Но кроме Сенатора, Миршаба и Ферганца, надо было разобраться наконец и с Талибом, ведь тогда, уходя из его дома на Радиальной, где содержался плененный Гвидо, он сказал Султанову: «А с тобой мы поговорим позже, не до тебя сегодня». И Талибом уже занялись вплотную, собрали достаточно материалов, но, как всегда, не хватало главного: до сих пор не было ясно, кто же стоит за ним. А вчера Коста доложил, что Талиб неожиданно вылетел в Москву. А не собирается ли тот оттуда навестить Германию? Ведь банк уже открыт, и он сам накануне презентации говорил незнакомцу по телефону: «Если есть реальные предложения, к разговору на стадионе «Бавария» я готов вернуться – заходите…» Становилось ясным, что нужно связаться с чеченцами в Москве, у которых международный аэропорт «Шереметьево» давно под контролем, те могли проконтролировать вылет Талиба в Германию.
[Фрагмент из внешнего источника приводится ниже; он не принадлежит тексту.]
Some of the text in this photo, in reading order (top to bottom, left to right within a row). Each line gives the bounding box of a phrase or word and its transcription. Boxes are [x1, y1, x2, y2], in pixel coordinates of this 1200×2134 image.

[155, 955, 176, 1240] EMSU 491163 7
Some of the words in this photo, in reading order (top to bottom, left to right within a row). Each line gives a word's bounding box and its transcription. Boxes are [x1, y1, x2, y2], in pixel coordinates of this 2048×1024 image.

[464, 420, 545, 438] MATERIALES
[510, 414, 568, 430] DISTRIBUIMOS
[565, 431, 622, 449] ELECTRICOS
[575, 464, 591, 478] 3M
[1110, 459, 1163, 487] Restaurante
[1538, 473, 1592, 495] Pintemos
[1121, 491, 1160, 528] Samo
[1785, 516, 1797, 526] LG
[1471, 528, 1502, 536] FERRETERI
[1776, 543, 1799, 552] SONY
Значит, нужно срочно связаться с Хожа, чеченским Доном Карлеоне в Москве, Коста в молодости сидел с ним в одной зоне, его помощь они не раз ощущали в белокаменной. Неожиданный отлет Талиба отсекал возможность выбора цели, теперь становилось ясным, что сначала придется разобраться с Сенатором и Миршабом, и от итога разборки зависело, куда качнется маятник его интересов. Но он уже интуитивно чувствовал, что ему не миновать, видимо, сблизиться с Ферганцем, все чаще он вспоминал оброненную фразу: «Вам одному не справиться…»
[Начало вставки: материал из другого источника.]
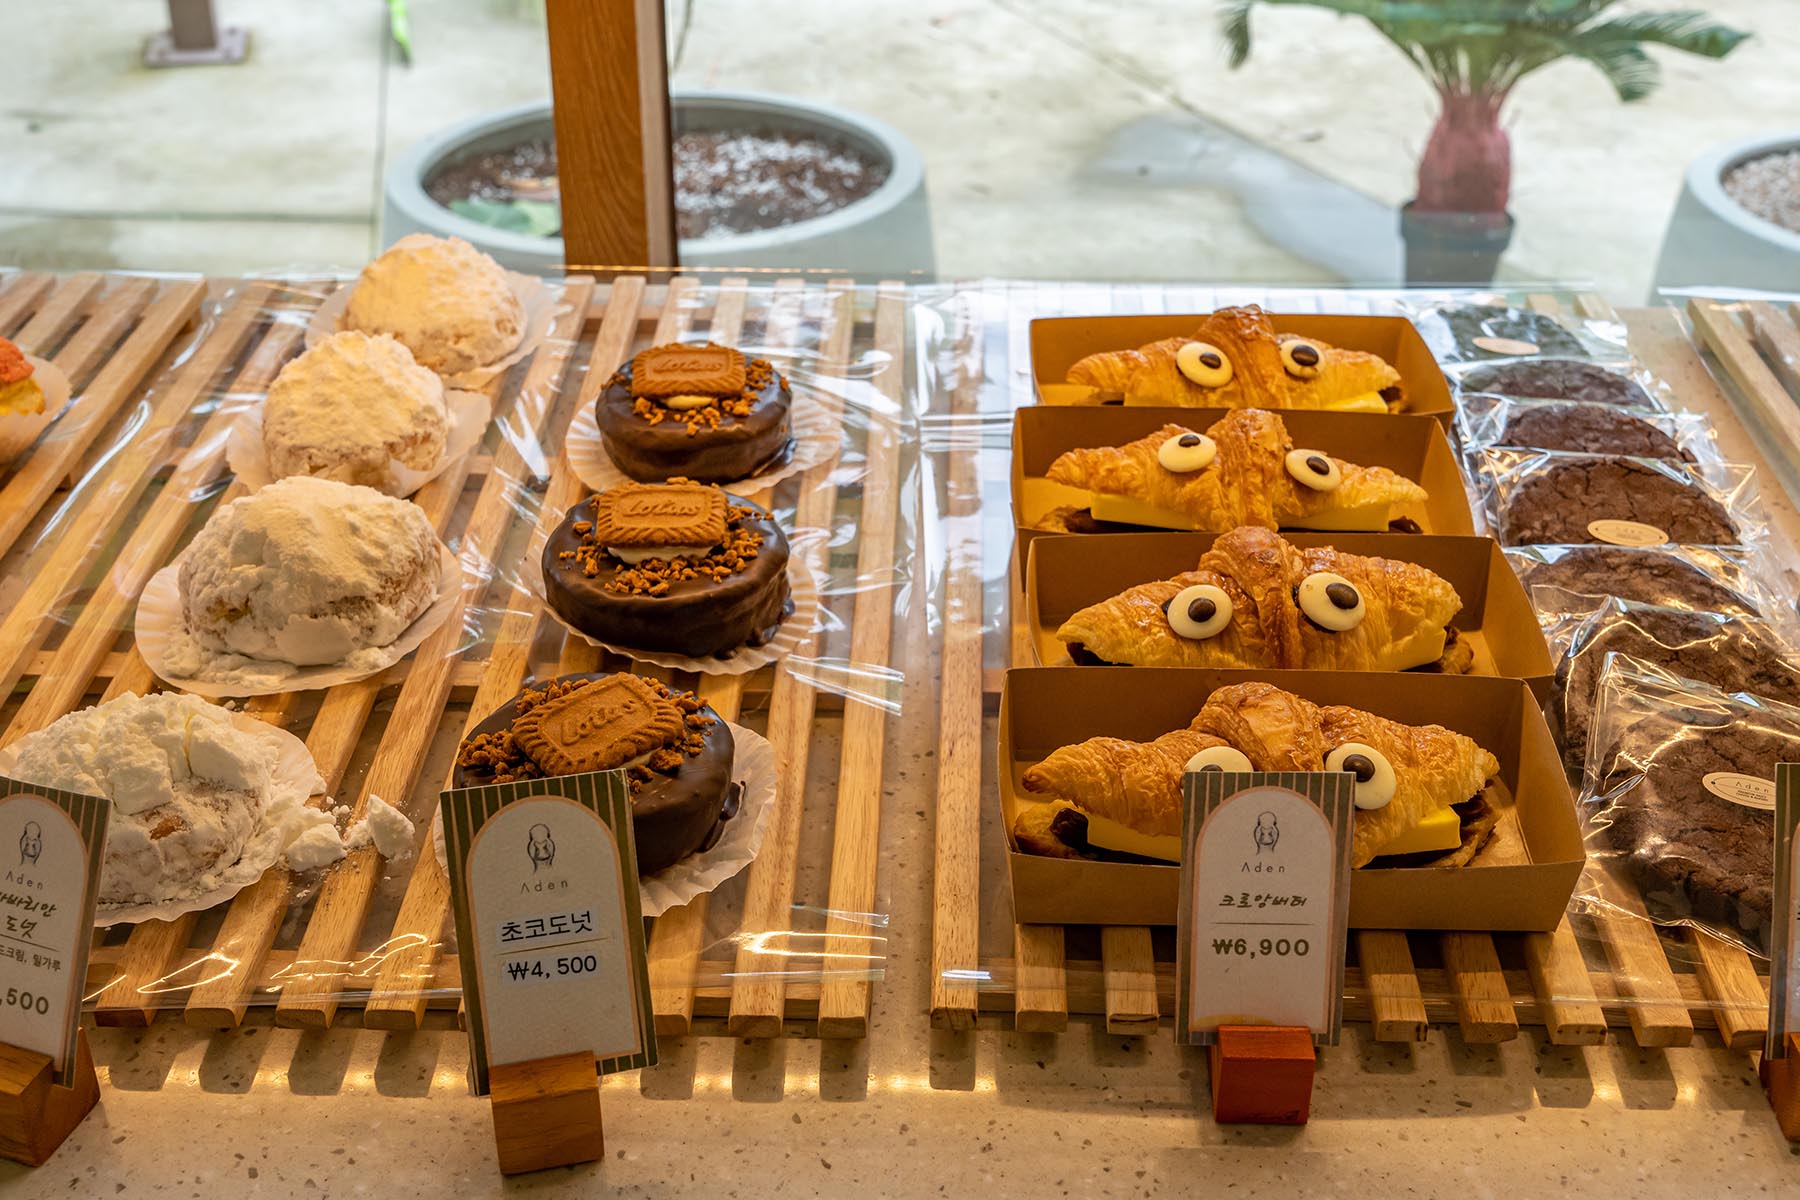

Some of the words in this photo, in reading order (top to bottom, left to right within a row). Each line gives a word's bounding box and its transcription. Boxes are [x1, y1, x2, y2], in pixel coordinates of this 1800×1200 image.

Часто возвращаясь мысленно к единственному разговору с Ферганцем, Шубарин вспомнил свое письмо, некогда адресованное Камалову в прокуратуру, где он беспощадно сдал многих «математиков», бизнесменов, делающих деньги из воздуха, а точнее разворовывая государство и заставляя граждан платить баснословные деньги за десятикратно перепродаваемый товар. Он тогда указал адреса многих фиктивных фирм, наподобие тех, что на днях упомянули друзья Талиба, куда он бесконтрольно должен был перегонять крупные суммы. Тогда еще существовала единое государство и Прокуратура СССР имела силу, хотя стараниями новых политиков следственный аппарат разваливали повсюду, на радость преступному миру, а может, даже по его заказу, особенно в самой столице державы, но Камалов письмом воспользовался толково, оперативно. Многие ходы и лазейки перекрыли казнокрадам, особенно в балтийских портах, многие высокопоставленные взяточники оказались за решеткой. Идя на подобный шаг, Шубарин не мог не понимать, чем рискует, наверное, догадывался об этом и Камалов, возможно, он рассчитывал, что анонимный патриот объявится или поможет еще, ведь результат по письму оказался весомым… Шубарин тогда поначалу испытывал удовлетворение от того, что сообщил прокуратуре о том, как разворовывают Отечество. Но та операция, ее результаты оказались песчинкой в Сахаре, каплей в Байкале по сравнению с тем грабежом, что набирал силу день ото дня. Тащили за кордон за бесценок все и вся, и даже тот валютный мизер, что причитался стране, оставался за рубежом на личных счетах: сеяли, пахали, добывали нефть, газ, металл миллионы людей, а получали за него деньги единицы при голых прилавках для тех, кто работал день и ночь.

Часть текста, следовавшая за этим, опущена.